Kasha Potrohosh is a recent graduate from the Department of Intermedia at the Academy of Fine Arts in the Studio of Spatial Communications under Anton Čierny and Jaroslav Kyša. Of the three artists, Kasha has had the longest history and experience on the artistic scene. At the Academy she explored a broad spectrum of media, filled with curiosity, with a fluid approach and zest for testing individual artistic disciplines. She first caught the attention of the Studio of paint+by, run by Klaudia Kosziba, where she collaborated with Paula Gogola, executing a process painting followed by a time-lapse performance. In a way, her media exuberance makes her a distinct type of contemporary artist, not imprisoned by formal-media limits. With her strategy of “find a topic & no fear & let’s try & explore & realize” she grasps and hybridizes a diverse range of themes from political, environmental, feminist to the magical practices of Slovak as well as Ukrainian places. Her activities are beginning to resonate strongly in a wide range of artistic endeavours, moving towards performative and musical realisations in both gallery and non-gallery settings. I see her as a strong artistic personality, who through her collaborations not only as an artist, but also as a human being, positively influences the entire art scene.
Taia Kolesnyk is a graduate of Preparatory Studio 2, led by Michal Černušák, Dominik Hlinka and Matej Fabian. In the next academic year she will join one of the three studios at the Department of Painting. Taia Kolesnyk, originally from Mariupol, is the youngest of the three and has probably struggled the most with the acclimatization. However, she is managing, as evidenced by her participation in this project, nurtured by her mutual bond and friendship with Kasha and Oksana.
A cursory glance at her figurative paintings from her latest student survey may make us believe those are Vivienne Westwood’s punk fashion creations, but they are paintings of refugees who, in the last moment before fleeing, put on various clothes to protect themselves on their way to safety. The power of her paintings is complemented by the medium, which, in addition to canvas, can also be a randomly discovered piece of plywood or a board made of scrap wood.

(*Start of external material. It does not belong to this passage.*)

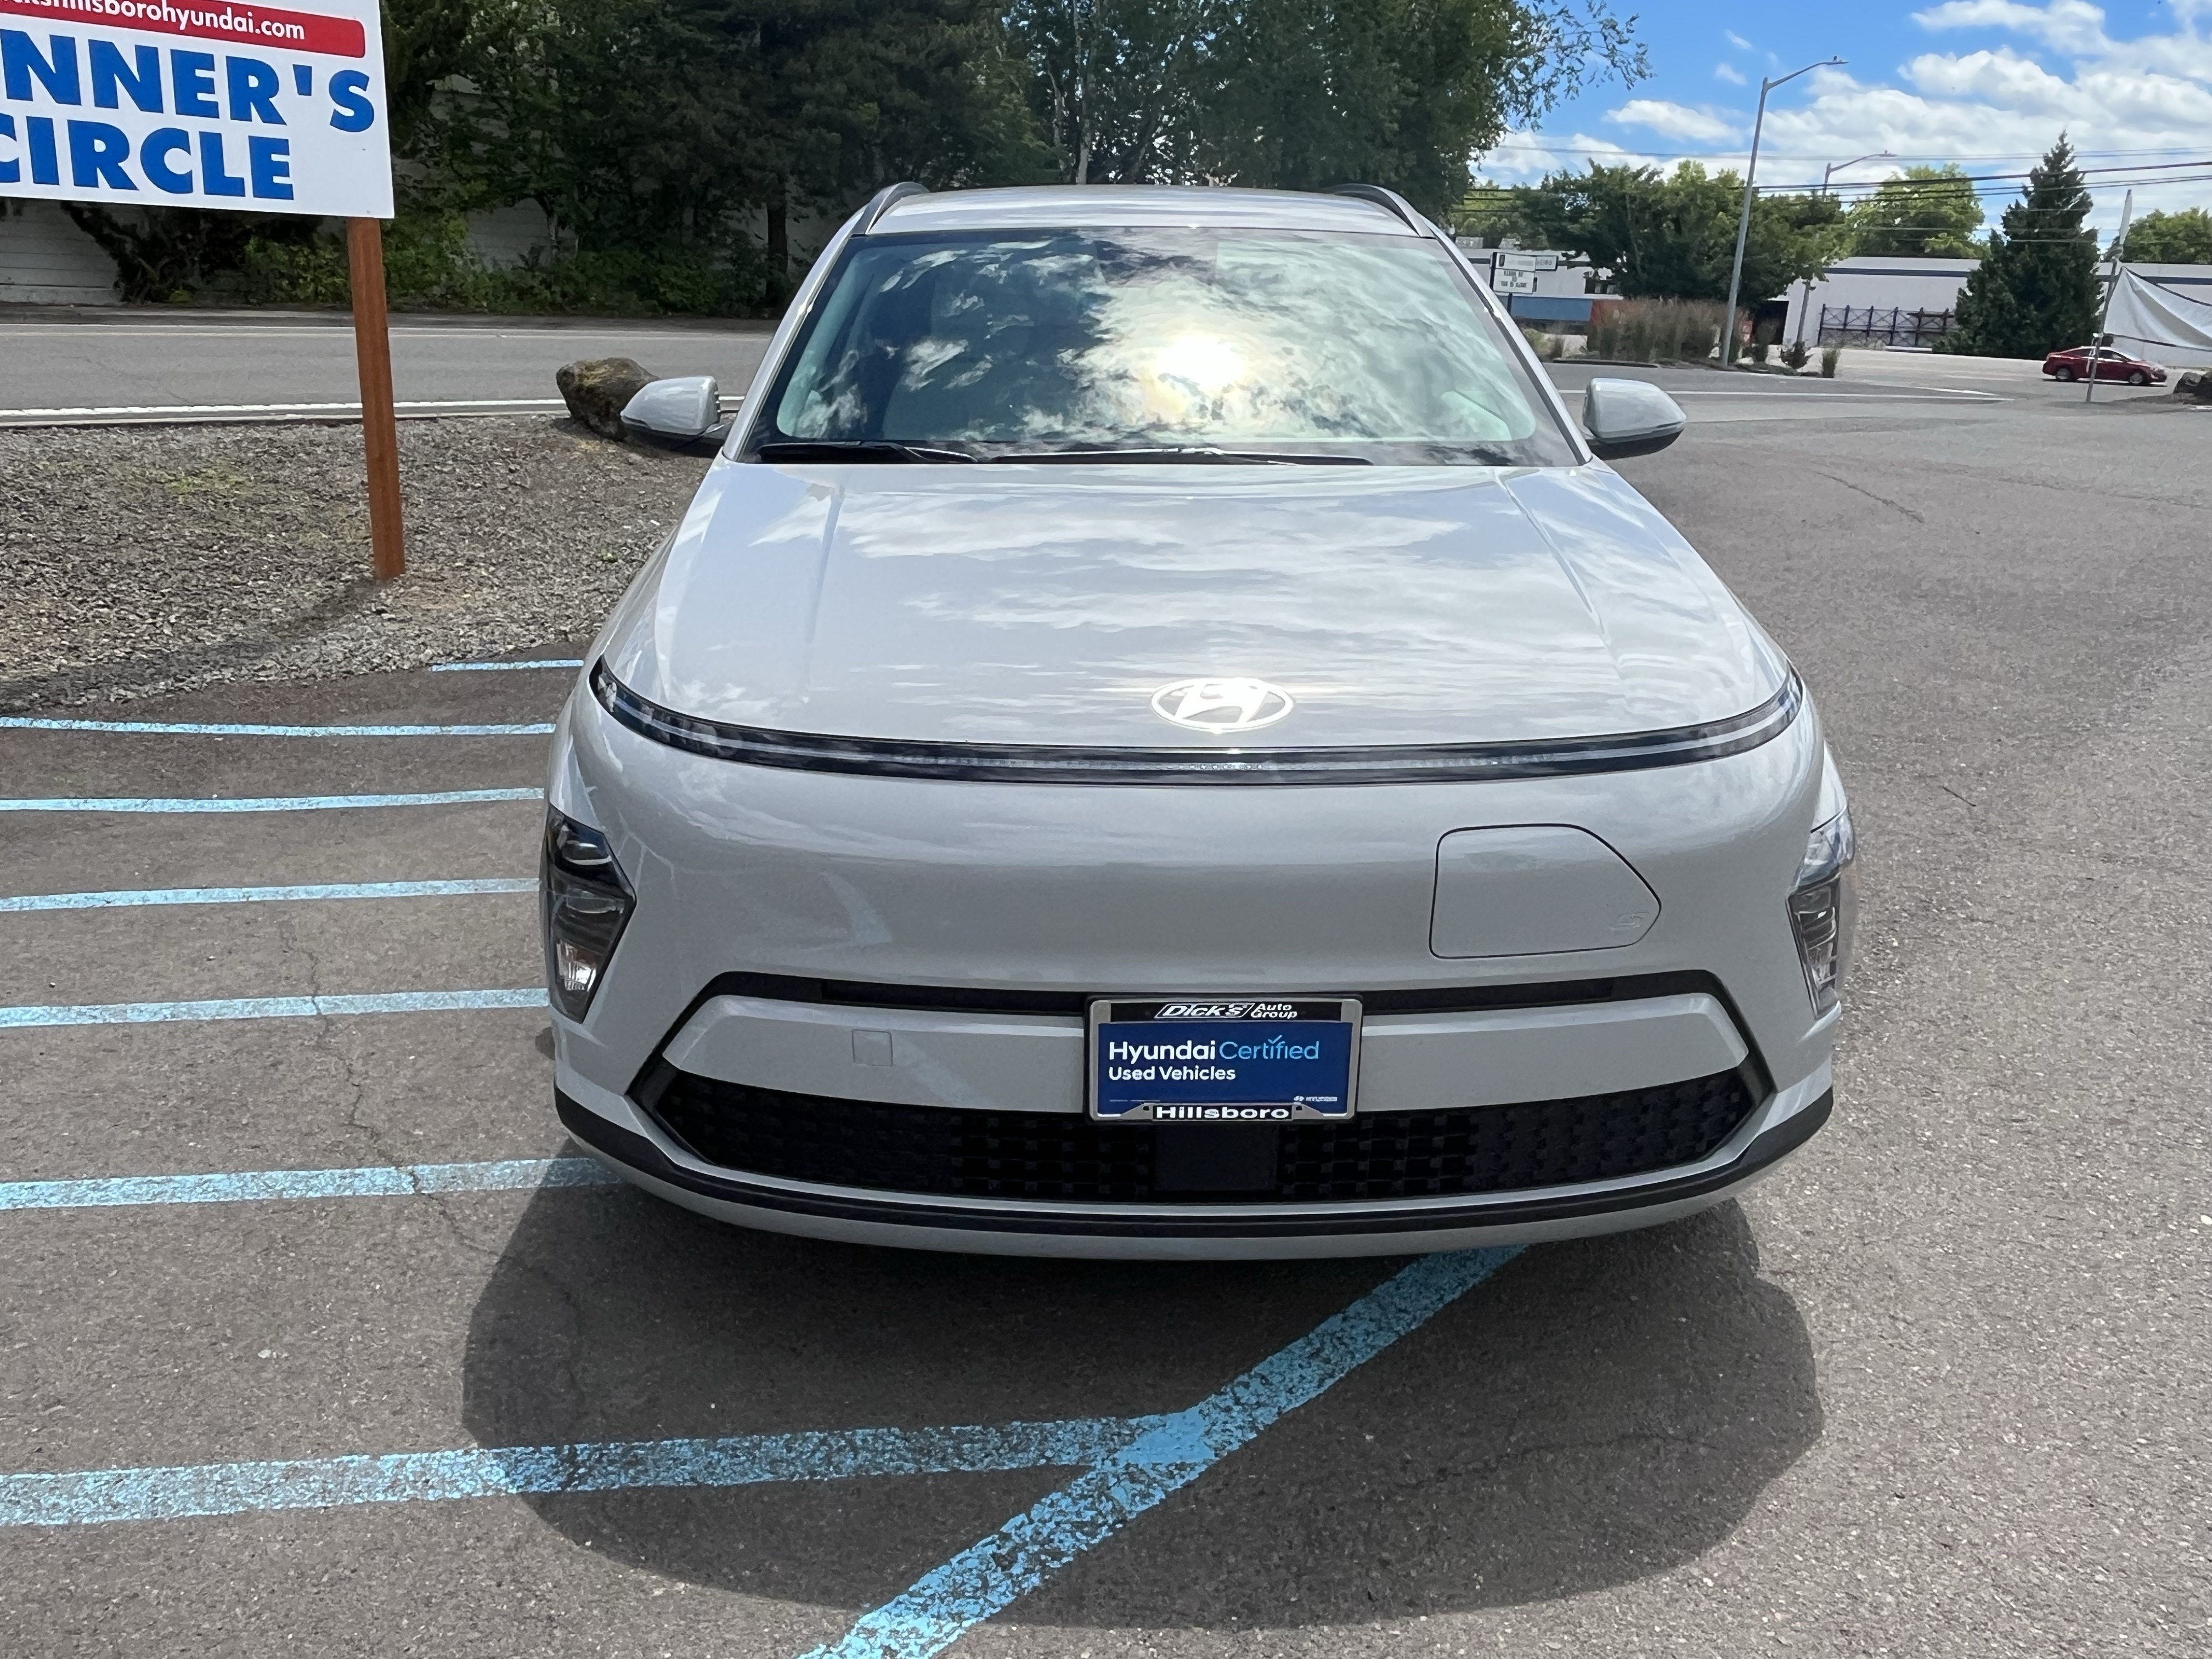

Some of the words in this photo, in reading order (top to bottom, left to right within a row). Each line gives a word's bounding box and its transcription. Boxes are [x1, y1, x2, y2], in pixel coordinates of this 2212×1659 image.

The artists‘ ability to hold a dialogue with a new environment, in a new country, is essential, despite the difficult living situation and the initial language barrier, which they have long learned to deal with/ which they have all dealt with and overcome/that is now part of their past/long surpassed by all of them. In this respect, art is a privileged genre – it does not have to fit its statement into the language, the cultural context, or the environment of the country, as its language is universal.
I dare say that the Academy of Fine Arts provides all three artists with a suitable, tolerant environment to further develop their creative potential, adding a human approach and empathy, positively affecting other students, offering mutual enrichment.
All three females are artists with a powerful statement prompted by their own empirical experience of the senselessness of the war waged by Russia in Ukraine, which finds its way/appears/enters directly and subliminally into their works.
There is no such thing as gallery holidays a.k.a. a “dead” or summer period in art anymore. Art doesn’t have holidays or summers. Europe is no longer the same after the Russians invaded Ukraine, the abstraction of the threat of war turned into a daily experience we thought didn’t concern us.